While this is primarily a photography-oriented review, the A7R III has impressive video chops, including 4K capture. Light metering and autofocus modes are relatively limited when shooting motion, but the tracking works great. You even get access to fancy, high-grade recording formats required for pro cinema work like Hybrid Log and S-Log recording. You’ll likely never use them unless you’re a serious cinematographer, but they’re there if you want to grow into them.
It’s not perfect
Obviously there’s a lot to like about the A7R Mark III, but there are some complaints. The slightly enlarged grip makes the camera easier to hold—especially when you’re using a weighty lens like the Sony Distagon FE 35mm f/1.4 prime I used during my testing or any of the high-end G Master lenses that can really make the most out of all that resolution —but it also reduces the amount of space you have between the lens and the body, which is tough on big hands.

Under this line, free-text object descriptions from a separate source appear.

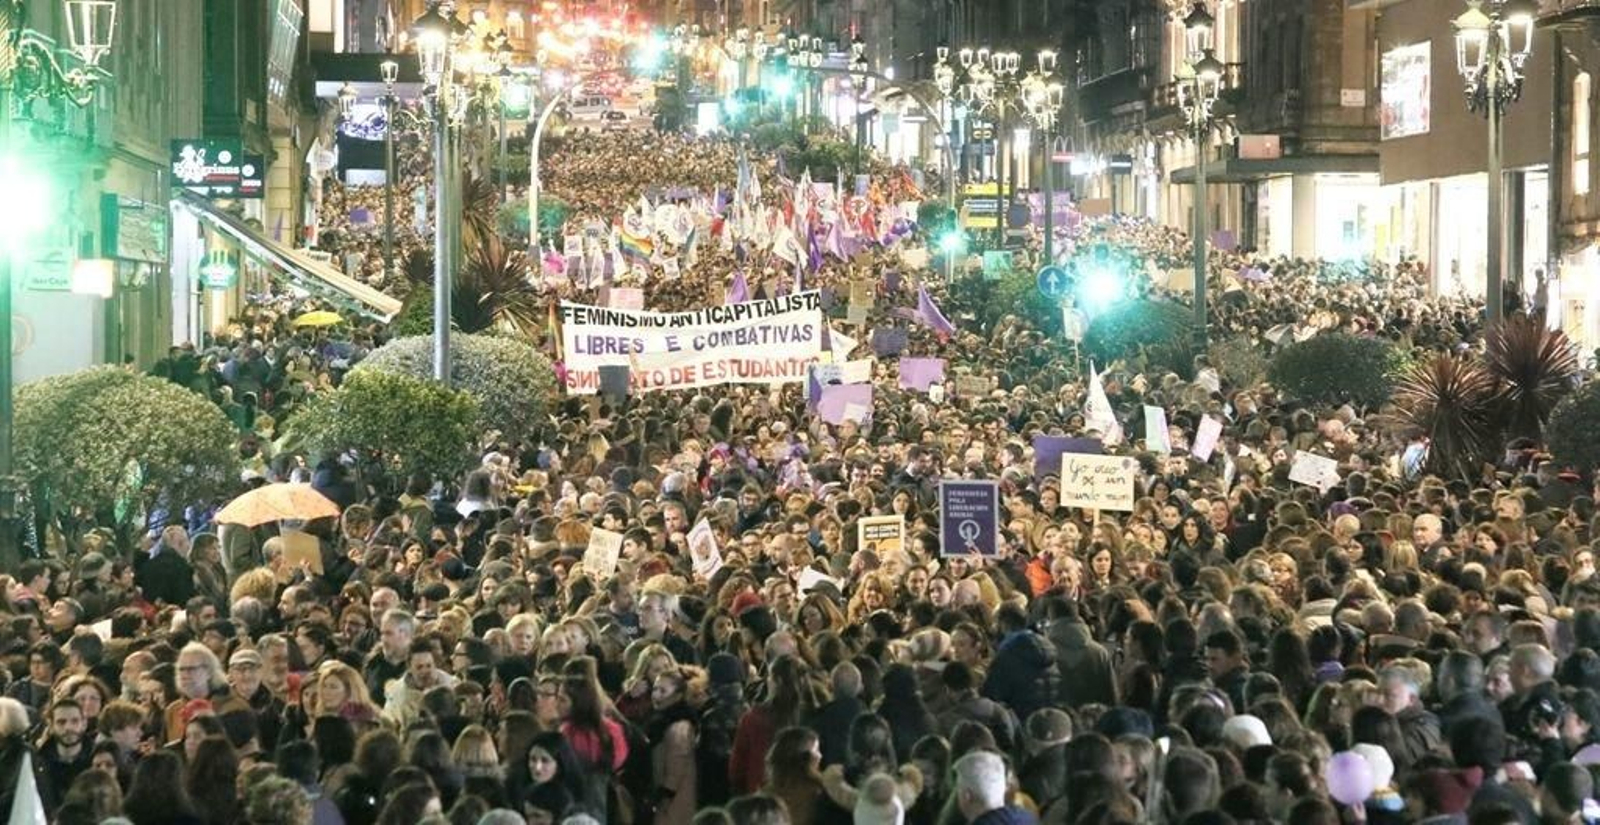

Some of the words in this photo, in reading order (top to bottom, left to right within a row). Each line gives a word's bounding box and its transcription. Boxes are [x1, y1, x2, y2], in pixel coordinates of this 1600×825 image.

[561, 307, 666, 328] FEMINISMO
[669, 292, 821, 327] ANTICAPITALISTA
[575, 335, 644, 356] LIBRES
[665, 334, 682, 353] E
[693, 324, 813, 352] COMBATIVAS
[670, 366, 696, 385] DE
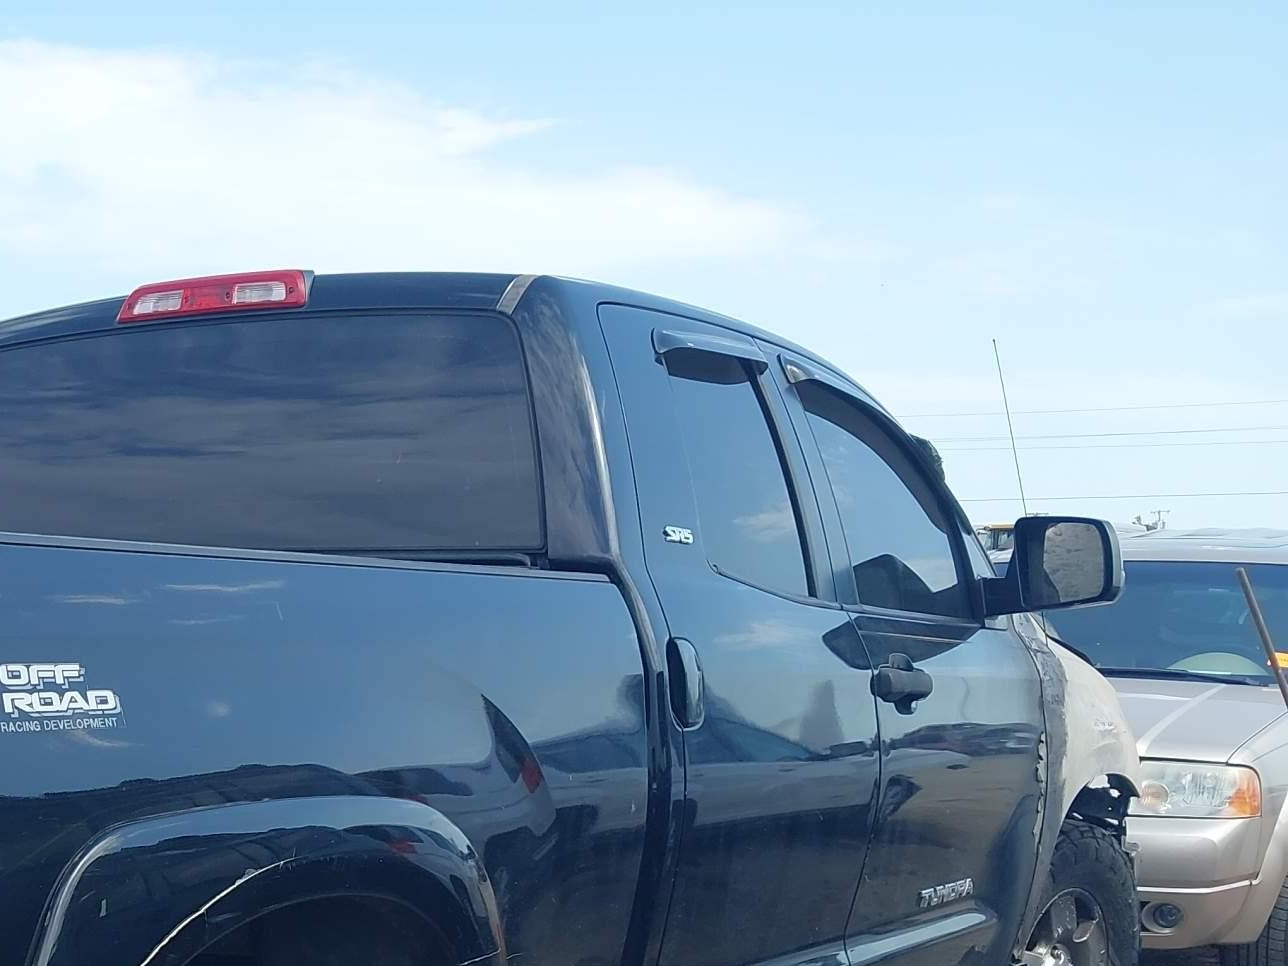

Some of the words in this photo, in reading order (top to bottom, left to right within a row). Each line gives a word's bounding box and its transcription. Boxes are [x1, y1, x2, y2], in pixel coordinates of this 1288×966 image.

[2, 689, 121, 718] ROAD
[0, 720, 42, 733] RACING
[44, 717, 118, 732] DEVELOPMENT
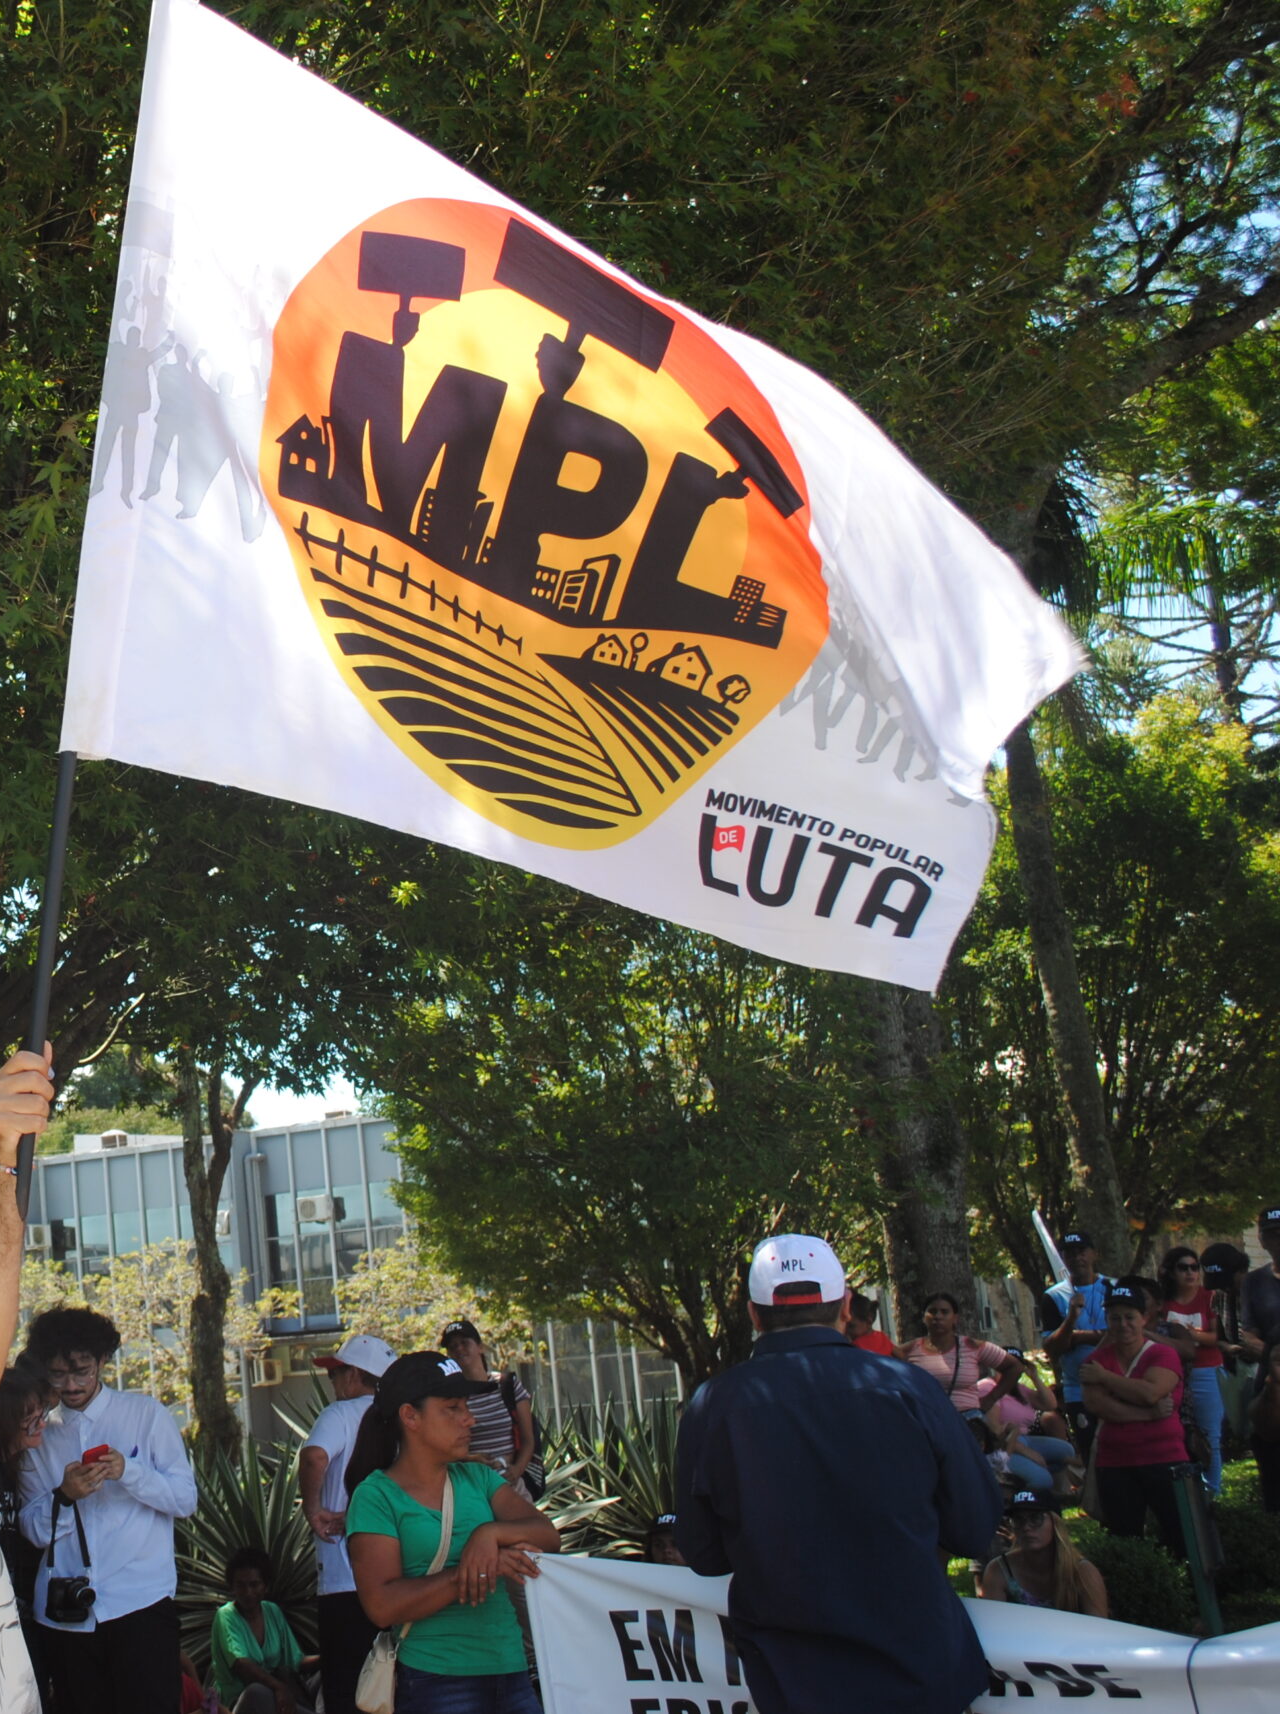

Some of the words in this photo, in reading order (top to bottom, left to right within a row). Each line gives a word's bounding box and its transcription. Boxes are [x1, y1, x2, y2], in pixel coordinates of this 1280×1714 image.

There are two memory card slots—a must for pro-grade cameras—but those 42-megapixel photos take a while to write to memory, even when using a super-fast UHS-II card, which has an extra set of connectors to facilitate faster transfers.
And while the autofocus performance is rather excellent, the AF interface is slightly wonky. Moving the AF points around takes some getting used to because it can be tough to see which point is highlighted or what type of AF area you’ve selected. Sometimes it’s hard to tell exactly where you’re focusing, at least until you get used to the system.
Should you buy it?
In short, the Sony A7R Mark III is one of the most impressive cameras I’ve used to date. At $3,200, it’s still very much a tool for serious photographers and very enthusiastic amateurs. There are buttons all over the place, most of which you can map to custom functions. The menus have hundreds of settings that you can tweak and change. And you need expensive, pro-grade lenses to take full advantage of all that image quality—a cheap kit lens isn’t going to cut it here. But cameras like this and the excellent Nikon D850 give hope to people like me who love smartphone cameras, but will always love dedicated cameras so much more.
If you’re looking for lots of automatic shooting modes that hold your hand during the photographic process, this is the wrong camera to buy. If you plan on putting it on auto and keeping it there, then you’re also barking up the wrong tree with the Mark III. If you’re looking for a serious photography machine, though, then it should treat you just fine.